I think many of the responses to this post (as is usual for physics forums) have been derogatory and are more concerned with "shutting down" the question rather than finding out what's really being asked, and providing a clear, personal interpretation. I don't see how these people are shouting "no asymmetry exists!", providing "be all, end all" answers, as if this an academic conference, and people are even entitled or qualified to make these opinions.

Anyways, barring my disgust for all of that, allow me to provide my own interpretation.

The way I see it, there is clearly an asymmetry in the B field about a current carrying wire. As the OP said, it is a rotational/counter-rotational symmetry. For example, in providing a torque ("moment") force in non-electrical mechanics, a force in the counter-clockwise direction generates a moment in the +z direction, whereas a force in the clockwise direction generates a moment in the -z direction. Hence you see that there is no asymmetry in this case; the direction of the moment "flips" sign when you provide a corresponding "flip" to the direction of the applied force. There is no "innate" direction to the moment; it completely depends on the direction of the applied force.

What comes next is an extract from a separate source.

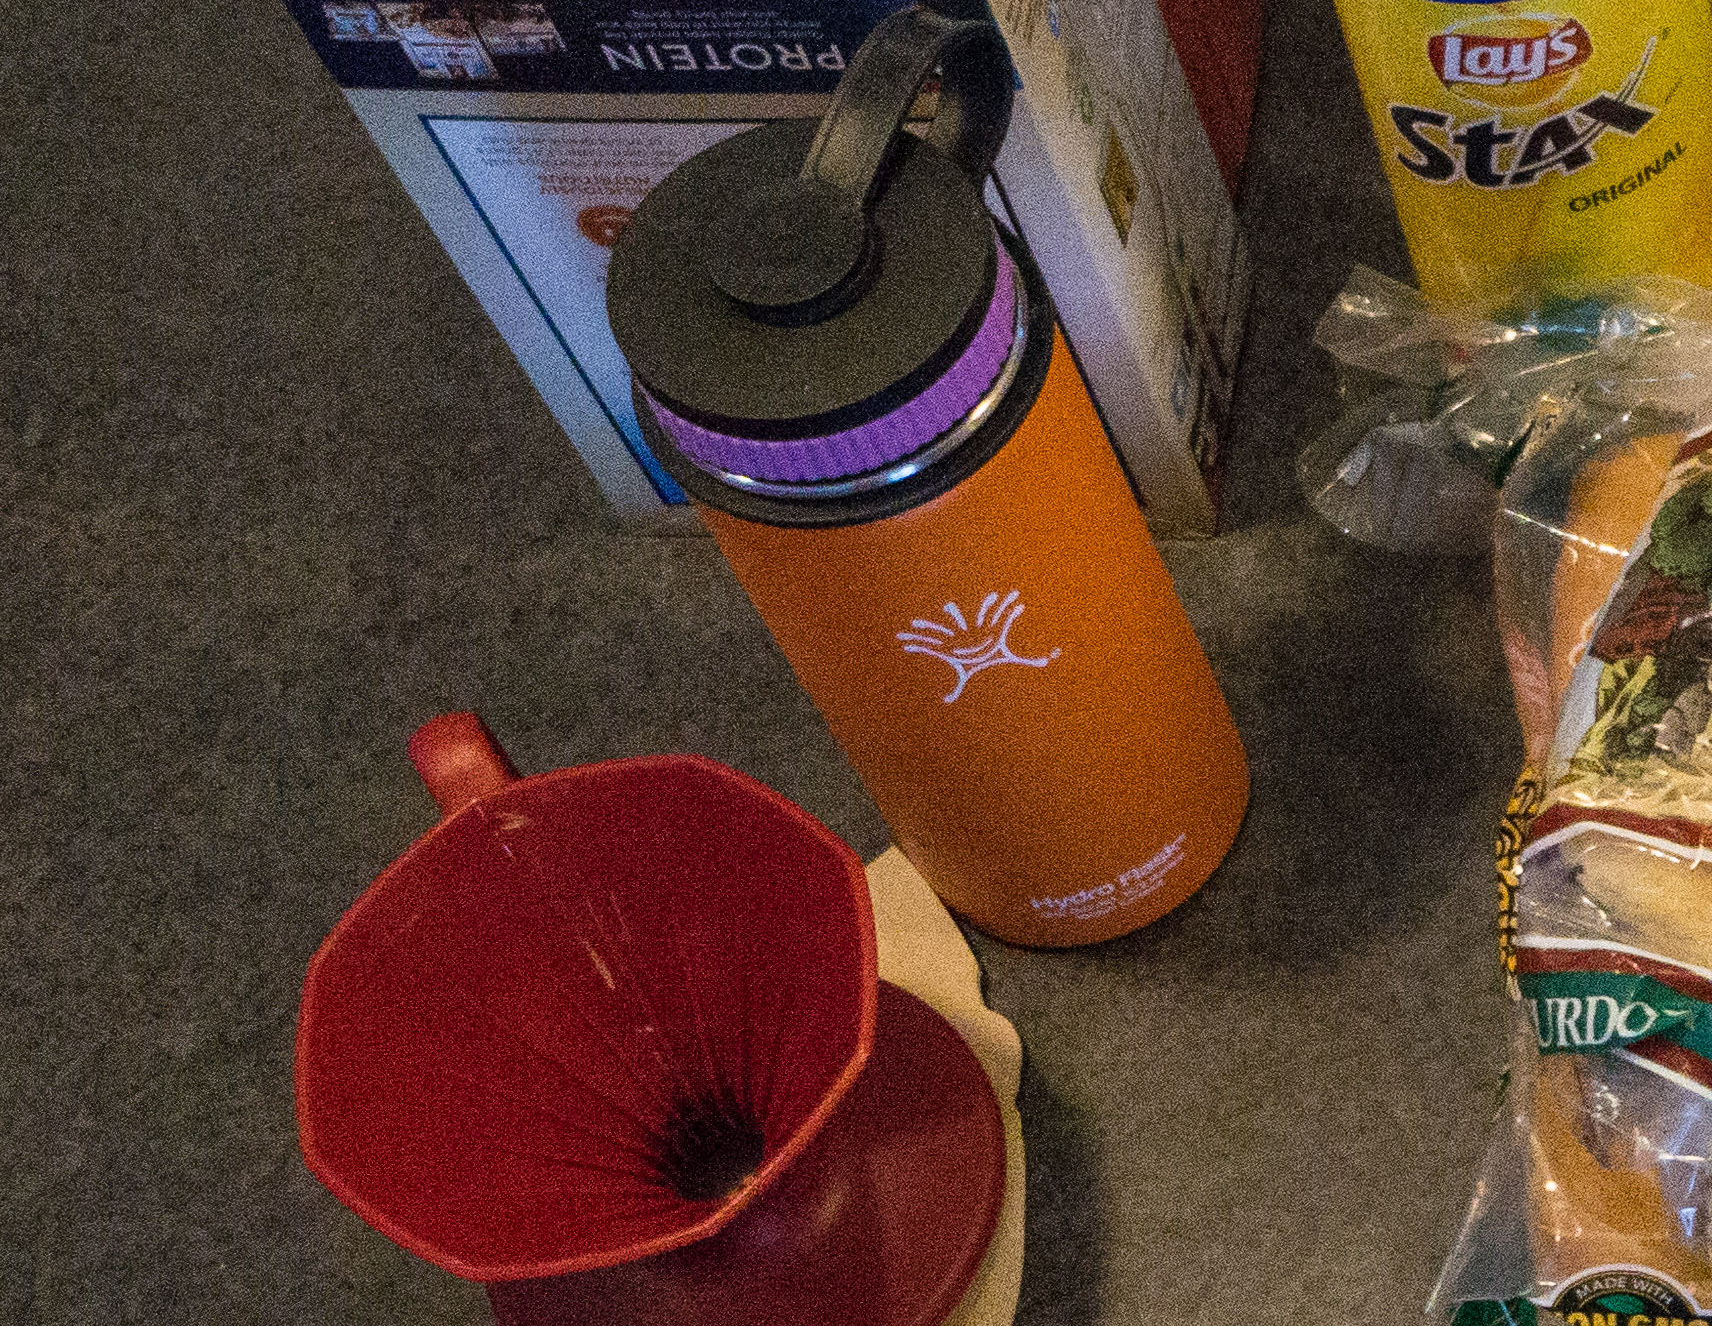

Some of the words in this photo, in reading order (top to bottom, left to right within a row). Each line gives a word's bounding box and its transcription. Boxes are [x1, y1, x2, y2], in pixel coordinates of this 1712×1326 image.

However, in the magnetic case, there is an asymmetry in the sense that the B field about the current is unidirectional. For a current going in one direction, the B field goes EITHER clockwise OR counterclockwise. It is true that this direction depends on your choice of convention; however, regardless of your convention, the B field will be unidirectional only. Hence there is a rotational asymmetry to the field; in upper echelon physics, I believe they call this "chirality", although to be honest I am unfamiliar with the lingo of the term.

Now, where does this come from? I don't know...

 

[Dale]

Anyways, barring my disgust for all of that

It is rather telling that you think it is OK for genoat to accuse me and Vanadium of accepting things on faith but think it is disgusting for me to correct his misconceptions or respond to his accusations. Seems like a double-standard to me.

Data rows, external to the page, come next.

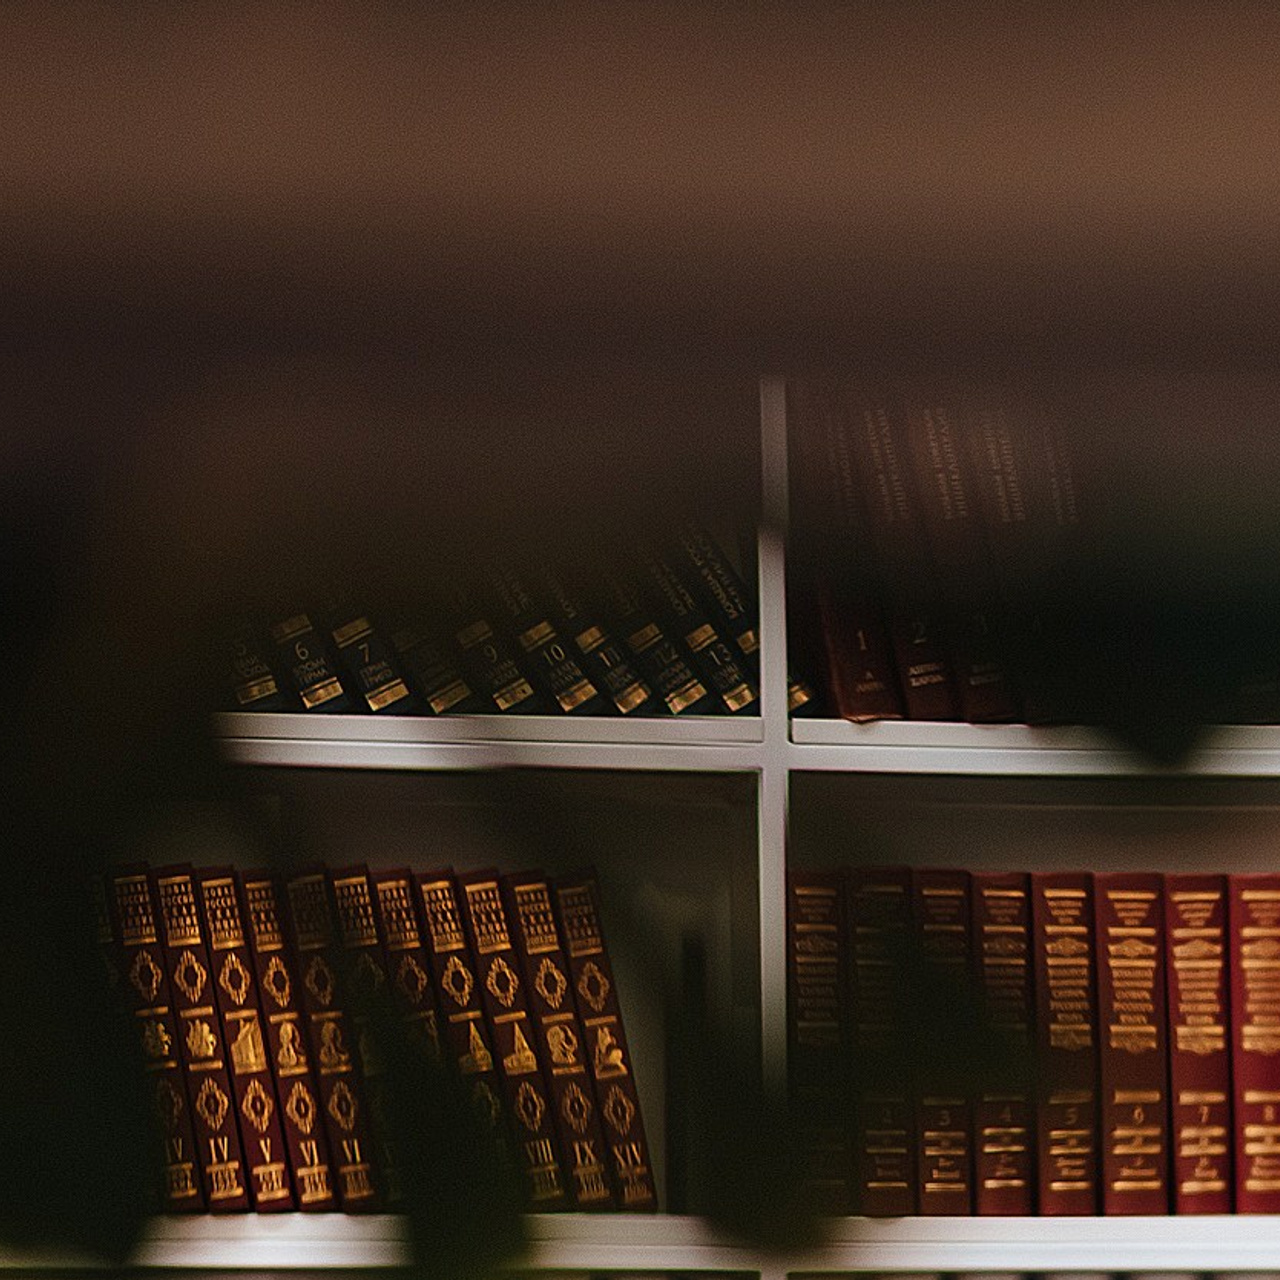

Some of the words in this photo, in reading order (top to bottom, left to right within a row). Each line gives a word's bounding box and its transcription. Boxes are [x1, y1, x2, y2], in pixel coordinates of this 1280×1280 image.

[294, 640, 309, 661] 6
[857, 630, 868, 651] 1
[357, 642, 371, 663] 7
[543, 643, 566, 665] 10
[939, 1110, 951, 1125] 3
[1065, 1109, 1078, 1125] 5
[1132, 1105, 1144, 1124] 6
[1199, 1105, 1211, 1123] 7
[1263, 1104, 1275, 1122] 8
[208, 1135, 228, 1163] IV
[258, 1136, 271, 1163] V
[299, 1138, 319, 1165] VI

The way I see it, there is clearly an asymmetry in the B field about a current carrying wire. As the OP said, it is a rotational/counter-rotational symmetry.

The remainder of your post shows the same misunderstanding of symmetry. There is no asymmetry here:

An infinite straight current-carrying wire is axisymmetric about the wire. That means that it has a fundamental domain which is a half-plane starting at the axis. As long as a given vector field is the same relative to any half-plane starting at the axis then the field is also axisymmetric.

Here we find that all of the B-field vector field is at every point normal to any half-plane starting at the axis. This means that the B-field has also has a half-plane fundamental domain and thus has the same axisymmetry that is displayed by the current.

 

[mordechai9]

The OP wasn't "accusing" you of anything, he was simply questioning the basis for your assessment. You are the one interpreting his dissent as a personal attack (which it isn't) and then responding aggressively. It's not a double standard because the OP never acted aggressively, whereas the responders have.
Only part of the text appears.